Every entry that follows should be repeated exactly; drop the images.

_Exercise data_:
________________________
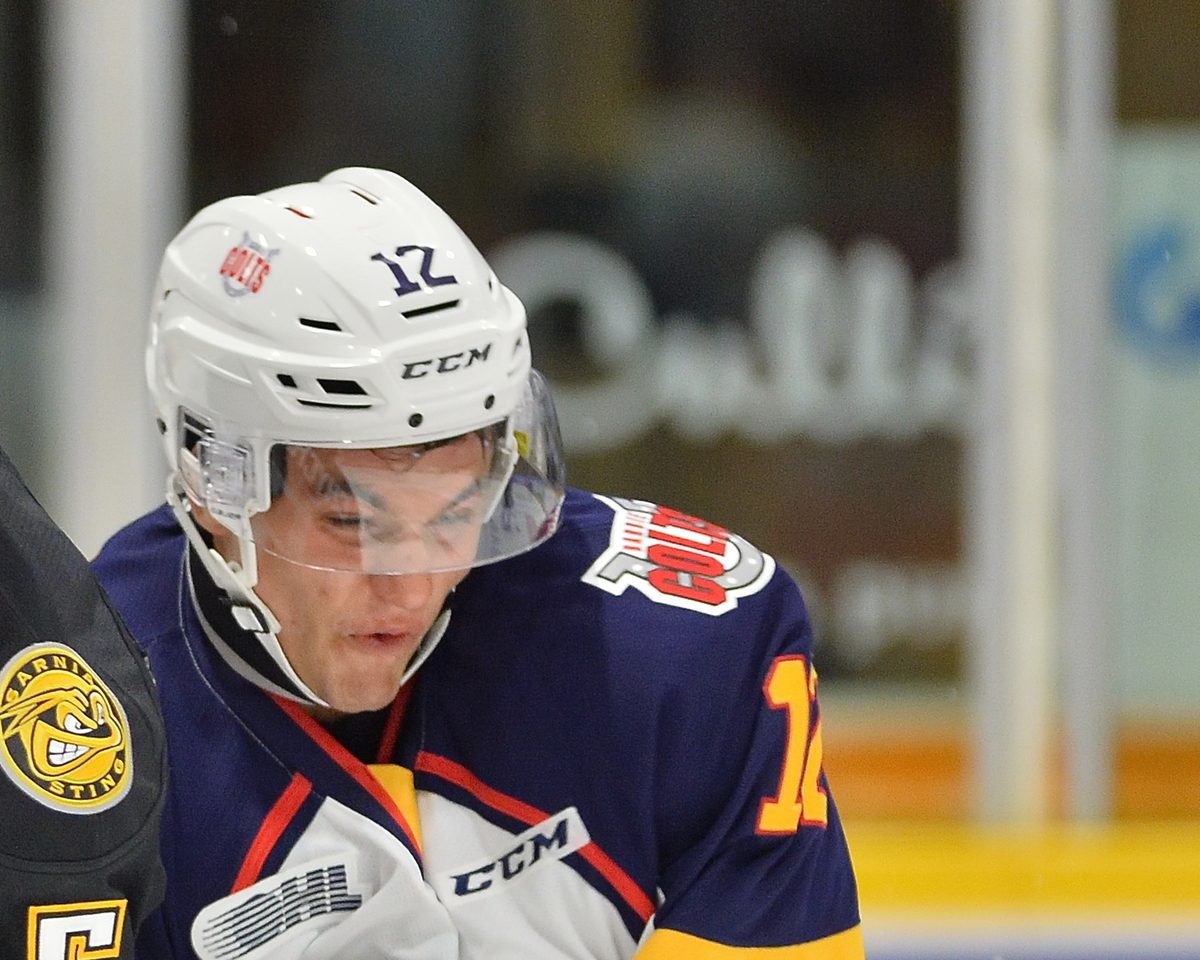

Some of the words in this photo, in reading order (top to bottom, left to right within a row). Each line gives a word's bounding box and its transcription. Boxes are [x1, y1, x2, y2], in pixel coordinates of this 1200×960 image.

[371, 245, 458, 297] 12
[402, 343, 492, 379] CCM
[7, 655, 96, 703] SARNIA
[49, 758, 125, 798] STING
[450, 818, 568, 897] CCM
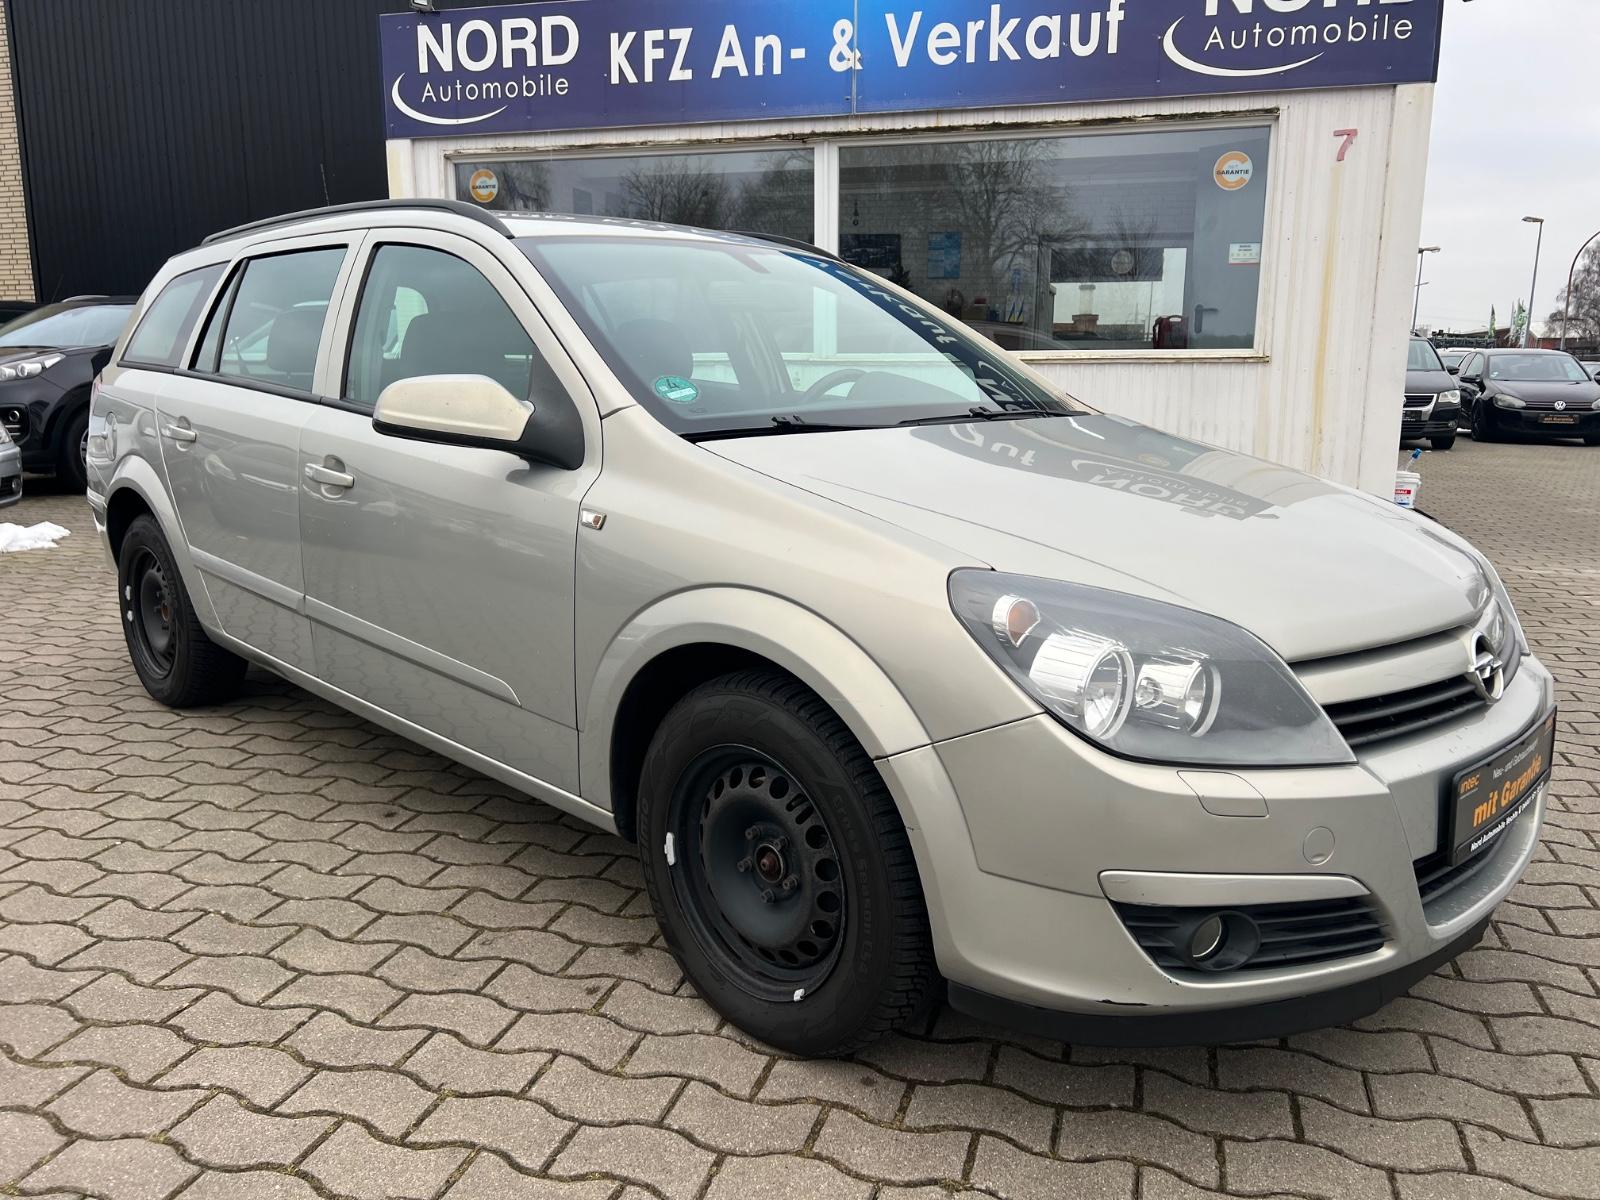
________________________
_Reply_:
Some of the words in this photo, in reading order (top to bottom, left to right within a row). Each line gives a word's bounding box and its transcription. Boxes are [x1, y1, x2, y2], in pixel coordinates of this 1200×960 image.

[371, 245, 458, 297] 12
[402, 343, 492, 379] CCM
[7, 655, 96, 703] SARNIA
[49, 758, 125, 798] STING
[450, 818, 568, 897] CCM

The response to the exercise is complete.